所々、結晶の不整な部分が存在し、そこからカルシウムイオン【Ca2+】やリン酸イオン【PO43-】が溶け出しやすくなっています。
脱灰と再石灰化
脱灰とは、プラークが放置されてpHが低下した(酸性に傾いた)際に、エナメル質から、カルシウムイオンやリン酸イオンが溶け出すことをいいます。
再石灰化とは、プラークが除去され口腔内のpHがもとに戻ると再び、エナメル質の中にカルシウムイオンやリン酸イオンが戻っていくことをいいます。
食事をするたびに、我々の口腔内は酸性に傾き脱灰が始まります。
そして飲食をやめて、30分以上するとpHは戻っていき再石灰化が再度スタートします。
この30分という時間は、唾液がたっぷり流れているほど時間も短くなります。
よって食後すぐのキシリトールガムが非常に有効と言われているのはこのためです。
さらに唾液の中には、酸性に近づいたpHを戻す作用や抗菌作用もあるなど、虫歯予防に重要なカギとなるのです。

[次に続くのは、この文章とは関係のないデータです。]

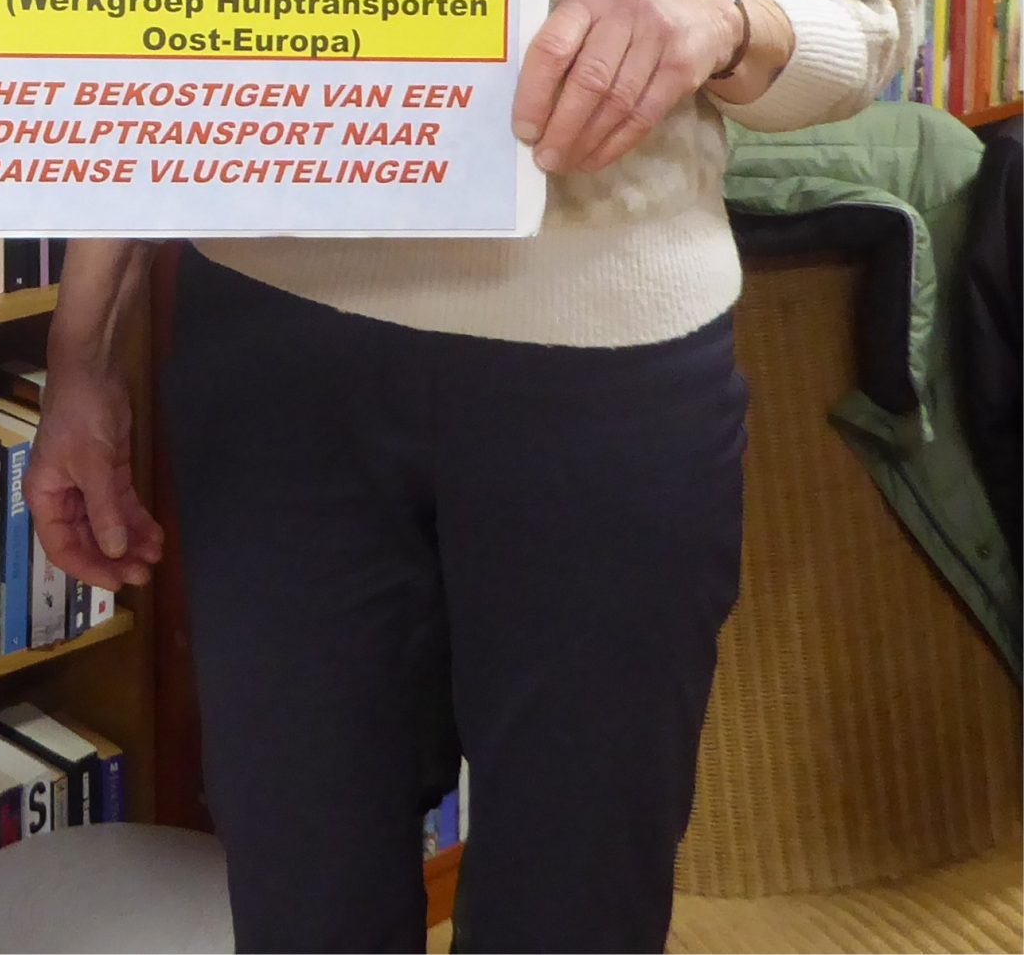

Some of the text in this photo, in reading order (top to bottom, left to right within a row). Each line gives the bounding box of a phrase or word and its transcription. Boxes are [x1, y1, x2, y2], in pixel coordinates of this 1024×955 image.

[142, 26, 362, 58] Oost-Europa)
[73, 82, 310, 108] BEKOSTIGEN
[323, 84, 393, 108] VAN
[401, 85, 474, 109] EEN
[341, 122, 441, 146] NAAR
[149, 159, 449, 185] VLUCHTELINGEN

我々の歯は毎日、「脱灰⇄再石灰化」を常に繰り返しているのです。
同様に骨や血管などすべての組織・細胞において似た現象は常時行われており、リモデリングと呼ばれています。
フッ素の影響
歯を強化する
さて、いよいよ「フッ素による歯の強化」についてです。
歯の再石灰化自体は、フッ素による強化とは実は異なります。
フッ素による強化の際、リン酸カルシウム【Ca10(PO4)6(OH)2】の水酸化物イオン【OH-】の代わりにフッ素イオン【F-】が入り込んでいきます。
化学式で表記すると、
Ca10 (PO4)6 (OH)2 + 2F- → Ca10 (PO4)6F2 + 2OH-
フッ素により強化された後の歯質を、フルオロアパタイト【Ca10(PO4)6F2】と呼びます。当初のエナメル質であるハイドロキシアパタイトと比較して、フルオロアパタイトは結晶構造が非常に密であり、水や酸に溶けにくい構造です。
これが、フッ素による虫歯予防と呼ばれる所以です。
以上より再石灰化の際に、フッ素が歯の周りにあるとより酸に強い歯質が再構築されるということです。歯質強化には、いかに長時間、歯の周りのフッ素の濃度を上げておくかがポイントとなるのです。
再石灰化の促進
口腔内のフッ素濃度が高いと、カルシウムイオンやリン酸イオンが歯に戻りやすくなります。つまり、再石灰化を促進すると言われています。
虫歯菌の活動を抑える
虫歯は虫歯菌の出した酸によって歯を溶かしていきます。
フッ素濃度が高いと、虫歯菌の活動が抑制されることで酸の量が減少し、歯が溶かされにくくなります。
最後に
「今、歯質が強くなってるんだな~」と思いながらフッ素入り歯磨き粉で歯ブラシすると、案外モチベーションあがりますよ!!
以上今日は、化学のお勉強でした。